(Dataset excerpts)
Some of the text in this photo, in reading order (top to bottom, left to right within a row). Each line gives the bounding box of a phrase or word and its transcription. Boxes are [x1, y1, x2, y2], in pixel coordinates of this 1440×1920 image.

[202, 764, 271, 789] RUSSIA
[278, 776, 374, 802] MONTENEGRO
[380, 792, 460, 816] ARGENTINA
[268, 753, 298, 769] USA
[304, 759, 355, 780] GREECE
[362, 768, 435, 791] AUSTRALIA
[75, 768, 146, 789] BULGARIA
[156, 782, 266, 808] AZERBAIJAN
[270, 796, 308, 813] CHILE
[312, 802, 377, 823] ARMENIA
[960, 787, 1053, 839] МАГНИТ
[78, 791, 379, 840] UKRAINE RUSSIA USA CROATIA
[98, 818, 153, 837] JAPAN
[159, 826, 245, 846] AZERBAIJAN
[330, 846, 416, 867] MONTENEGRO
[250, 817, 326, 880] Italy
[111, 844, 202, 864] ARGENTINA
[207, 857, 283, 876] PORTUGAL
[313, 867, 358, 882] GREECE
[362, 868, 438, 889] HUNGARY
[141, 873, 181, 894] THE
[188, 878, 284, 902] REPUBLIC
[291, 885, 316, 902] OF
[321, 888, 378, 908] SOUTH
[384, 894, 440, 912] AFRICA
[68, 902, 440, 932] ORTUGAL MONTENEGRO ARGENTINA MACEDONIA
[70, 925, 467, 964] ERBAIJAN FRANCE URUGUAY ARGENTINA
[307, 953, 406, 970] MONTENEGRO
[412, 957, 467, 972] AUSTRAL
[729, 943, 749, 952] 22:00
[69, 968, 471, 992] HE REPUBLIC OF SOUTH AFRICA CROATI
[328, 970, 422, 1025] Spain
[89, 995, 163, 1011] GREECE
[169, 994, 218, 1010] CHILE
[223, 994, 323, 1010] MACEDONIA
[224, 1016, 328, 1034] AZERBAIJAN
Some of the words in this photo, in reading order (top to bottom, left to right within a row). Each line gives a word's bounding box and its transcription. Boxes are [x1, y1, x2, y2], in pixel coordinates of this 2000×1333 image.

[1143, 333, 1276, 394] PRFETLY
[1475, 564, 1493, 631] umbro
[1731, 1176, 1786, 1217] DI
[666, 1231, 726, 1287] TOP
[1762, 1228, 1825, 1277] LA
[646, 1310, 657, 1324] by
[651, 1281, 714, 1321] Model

What to do
Copy all data exactly, start to finish.

Solution to the problem
Some of the text in this photo, in reading order (top to bottom, left to right within a row). Each line gives the bounding box of a phrase or word and its transcription. Boxes are [x1, y1, x2, y2], in pixel coordinates of this 1440×1920 image.

[202, 764, 271, 789] RUSSIA
[278, 776, 374, 802] MONTENEGRO
[380, 792, 460, 816] ARGENTINA
[268, 753, 298, 769] USA
[304, 759, 355, 780] GREECE
[362, 768, 435, 791] AUSTRALIA
[75, 768, 146, 789] BULGARIA
[156, 782, 266, 808] AZERBAIJAN
[270, 796, 308, 813] CHILE
[312, 802, 377, 823] ARMENIA
[960, 787, 1053, 839] МАГНИТ
[78, 791, 379, 840] UKRAINE RUSSIA USA CROATIA
[98, 818, 153, 837] JAPAN
[159, 826, 245, 846] AZERBAIJAN
[330, 846, 416, 867] MONTENEGRO
[250, 817, 326, 880] Italy
[111, 844, 202, 864] ARGENTINA
[207, 857, 283, 876] PORTUGAL
[313, 867, 358, 882] GREECE
[362, 868, 438, 889] HUNGARY
[141, 873, 181, 894] THE
[188, 878, 284, 902] REPUBLIC
[291, 885, 316, 902] OF
[321, 888, 378, 908] SOUTH
[384, 894, 440, 912] AFRICA
[68, 902, 440, 932] ORTUGAL MONTENEGRO ARGENTINA MACEDONIA
[70, 925, 467, 964] ERBAIJAN FRANCE URUGUAY ARGENTINA
[307, 953, 406, 970] MONTENEGRO
[412, 957, 467, 972] AUSTRAL
[729, 943, 749, 952] 22:00
[69, 968, 471, 992] HE REPUBLIC OF SOUTH AFRICA CROATI
[328, 970, 422, 1025] Spain
[89, 995, 163, 1011] GREECE
[169, 994, 218, 1010] CHILE
[223, 994, 323, 1010] MACEDONIA
[224, 1016, 328, 1034] AZERBAIJAN
Some of the words in this photo, in reading order (top to bottom, left to right within a row). Each line gives a word's bounding box and its transcription. Boxes are [x1, y1, x2, y2], in pixel coordinates of this 2000×1333 image.

[1143, 333, 1276, 394] PRFETLY
[1475, 564, 1493, 631] umbro
[1731, 1176, 1786, 1217] DI
[666, 1231, 726, 1287] TOP
[1762, 1228, 1825, 1277] LA
[646, 1310, 657, 1324] by
[651, 1281, 714, 1321] Model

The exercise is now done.